Langston Hughes, Joseph Stalin, Jesus … and a little bit of Mayakovsky, too
Friday, December 30th, 2011It’s the sixth day of Christmas, by my count, and my friend Elaine Ray has sent me a post from her blog, entitled “Langston Hughes, my father, Joseph Stalin and Jesus”, discussing a rather anti-Christmas poem by Harlem Renaissance poet Langston Hughes, and a 1940 article objecting to the poem written by her own father, the New York Age columnist Ebenezer Ray.
In an article in Poetry magazine, Hughes biographer Arnold Rampersad noted that during the most difficult days of the Great Depression, Hughes “had composed some of the harshest political verse ever penned by an American. These pieces include Good Morning Revolution and Columbia, but above all, Goodbye Christ. Here the speaker of the poem ridicules the legend of Jesus in favor of the radical reality of Marx, Lenin, ‘worker,’ ‘peasant,’ ‘me.’”
What struck me about the poem was … hadn’t I read this before? It sounded awfully familiar. My search for the poems Vladimir Mayakovsky, the gifted and misguided bard of the Bolshevik Revolution, in my ancient edition published by the USSR’s Progress Books, led to an unsuccessful household excavation.
So I tried google instead.
My nose hadn’t led me astray. In fact, Hughes translated Mayakovsky. The Communist writer Louis Aragon had offered his guidance to the American poet, and give an indication of how Hughes may have interpreted the Russian’s legacy.
From a paper by UCLA’s Ryan James Kernan:
Hughes’s choice of a literal translation for Mayakovsky was, in part, the result of his decision to heed Aragon on how to translate the peculiarities of the Russian master.
Aragon most likely hand-delivered his advice for explicitly Western translators to Hughes when the two crossed paths in Paris. His advice offers both a justification for Aragon’s own literal translation of Mayakovsky, and a prescription for future translators. He urges that they forsake the reproduction of the formal elements of Russian poetry in the interest of preserving the totality of Mayakovsky’s revolutionary message and spirit for the purpose of its infusion into Western Europe:
Oui, le poèmes de Maiakovsky sont rimes. Mais allez comparer la rime française, et je ne dirais pas la rime russe, mais la soviétique! Tout un nouveau langage, le langage d’une nouvelle vie, des mots qui n’ont jamais été usés par les rabacheurs poétiques, jetés du jour au lendemain à la disposition du lyrisme. [….] De plus, la rime de Maiakovsky toujours imprévisible, souvent complex, faites de plusiers mots, tient peut-etre advantage du jeu de mots que de la rime.

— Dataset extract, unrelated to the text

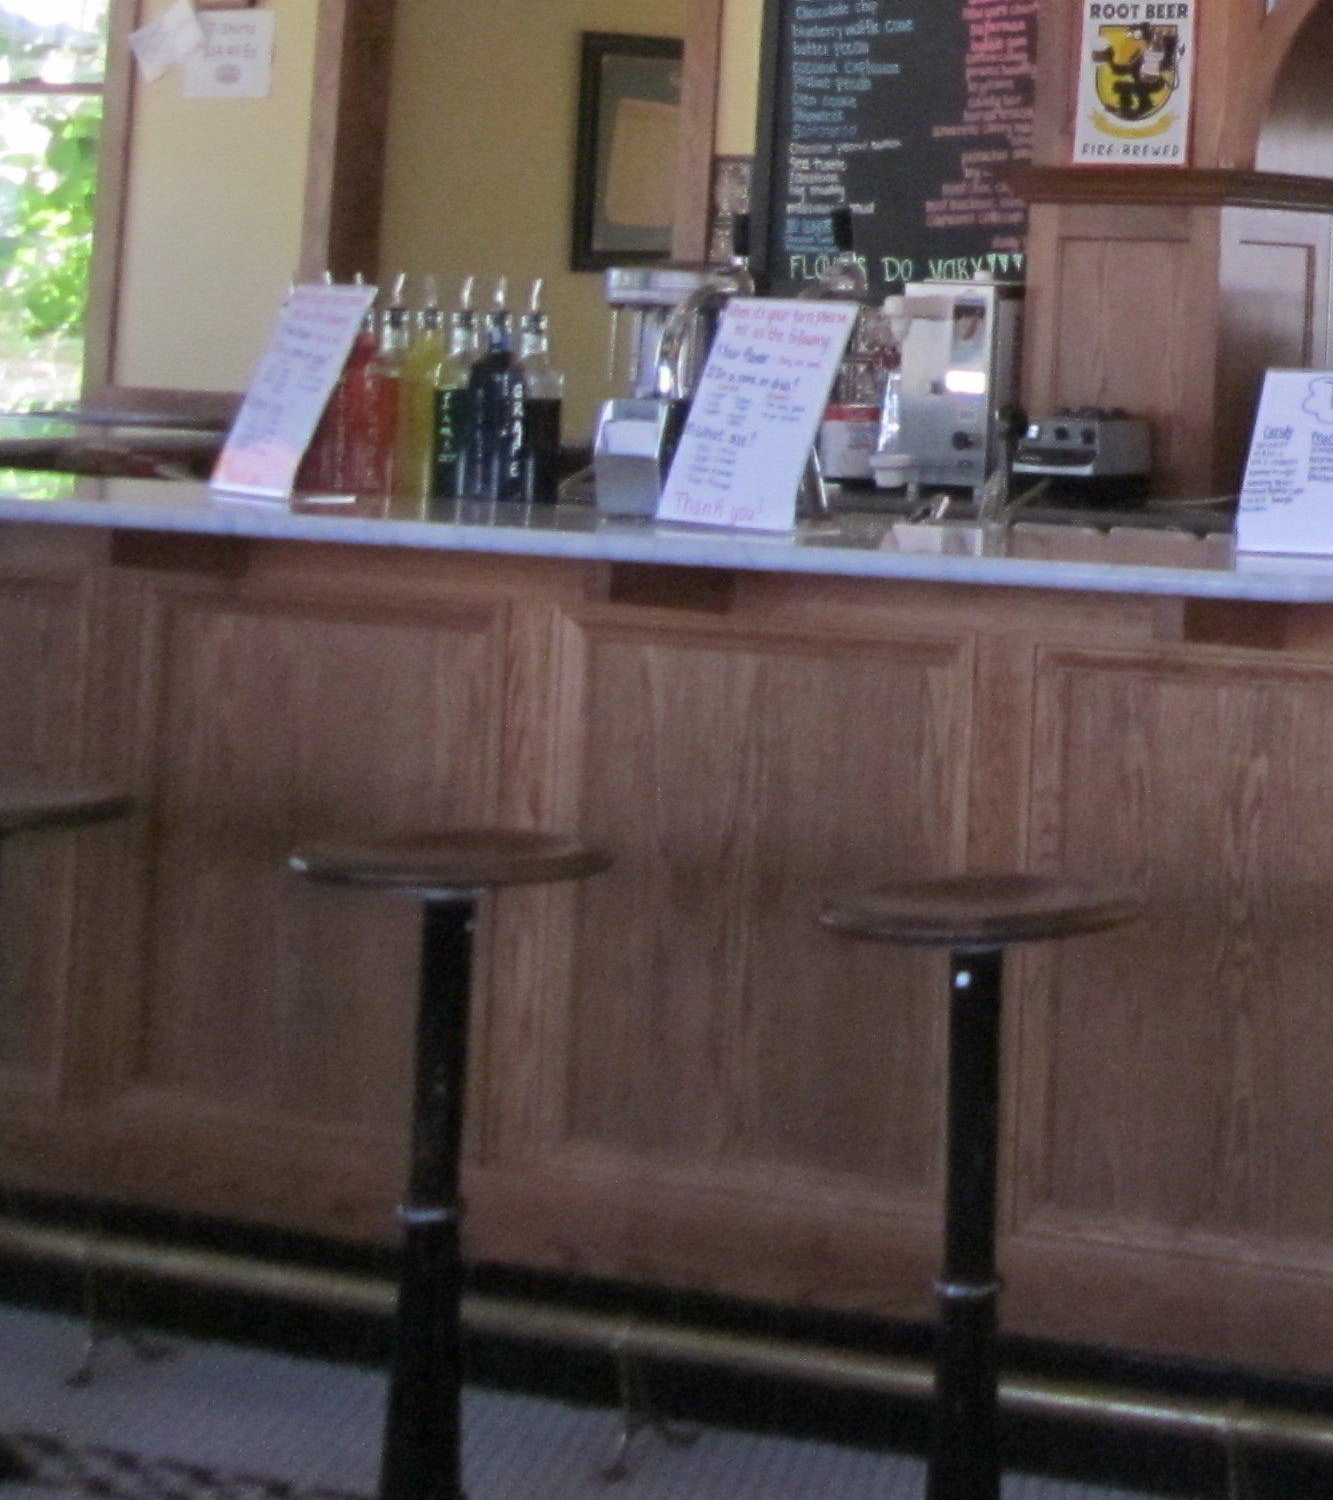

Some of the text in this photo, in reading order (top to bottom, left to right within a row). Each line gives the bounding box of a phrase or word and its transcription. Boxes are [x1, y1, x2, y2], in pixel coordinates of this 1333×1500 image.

[1089, 3, 1189, 19] ROOT BEER
[881, 256, 913, 282] DO

Yes, Mayakovsky’s poetry rhymes. But let’s compare French rhyme, and not Russian rhyme, with Soviet rhyme. An entirely new language, the language of a new life, composed of words that were never used by old, tired poetics, which should not be thrown out because of a thirst for lyricism. [….] Moreover, Mayakovsky’s rhyme, always unexpected, often complex, is perhaps more concerned with word play than rhyme.